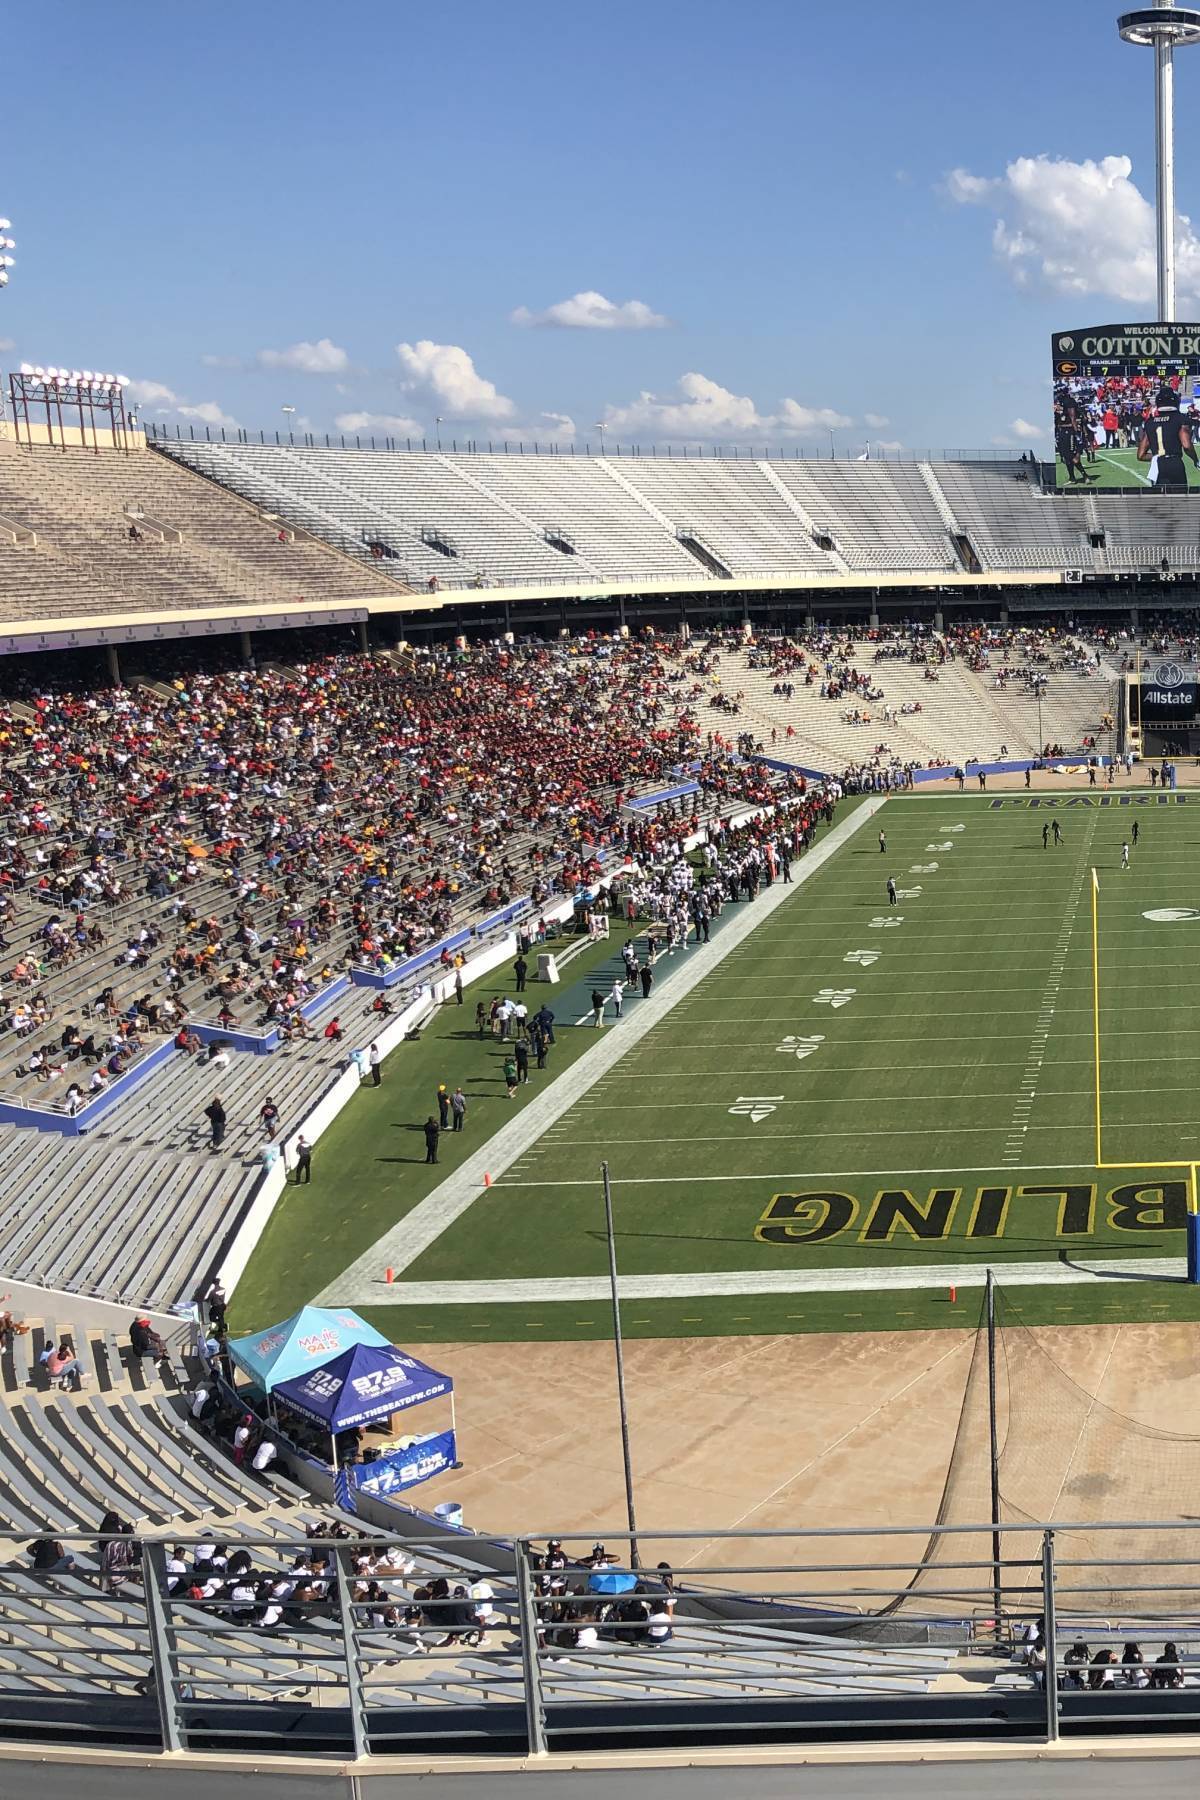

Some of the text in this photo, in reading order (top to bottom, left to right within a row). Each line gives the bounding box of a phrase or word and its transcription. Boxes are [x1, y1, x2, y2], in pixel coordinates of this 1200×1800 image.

[1124, 326, 1169, 335] WELCOME
[1170, 326, 1183, 334] TO
[1081, 336, 1173, 356] COTTON
[1102, 367, 1109, 376] 7
[1155, 426, 1166, 457] 1
[1143, 691, 1193, 704] Allstate
[728, 1095, 785, 1115] 10
[298, 1328, 340, 1347] MAJIC
[306, 1341, 339, 1355] 94.5
[311, 1370, 344, 1392] 97.9
[352, 1366, 405, 1392] 97.9
[336, 1383, 446, 1428] WWW.THEBEATDFW.COM
***
DESCRIPTION OF THE TASK ▸
With the images excluded, all entries are to be given again exactly.

RESULT FOR THIS TASK ▸
Some of the text in this photo, in reading order (top to bottom, left to right within a row). Each line gives the bounding box of a phrase or word and its transcription. Boxes are [x1, y1, x2, y2], in pixel coordinates of this 1200×1800 image.

[1124, 326, 1169, 335] WELCOME
[1170, 326, 1183, 334] TO
[1081, 336, 1173, 356] COTTON
[1102, 367, 1109, 376] 7
[1155, 426, 1166, 457] 1
[1143, 691, 1193, 704] Allstate
[728, 1095, 785, 1115] 10
[298, 1328, 340, 1347] MAJIC
[306, 1341, 339, 1355] 94.5
[311, 1370, 344, 1392] 97.9
[352, 1366, 405, 1392] 97.9
[336, 1383, 446, 1428] WWW.THEBEATDFW.COM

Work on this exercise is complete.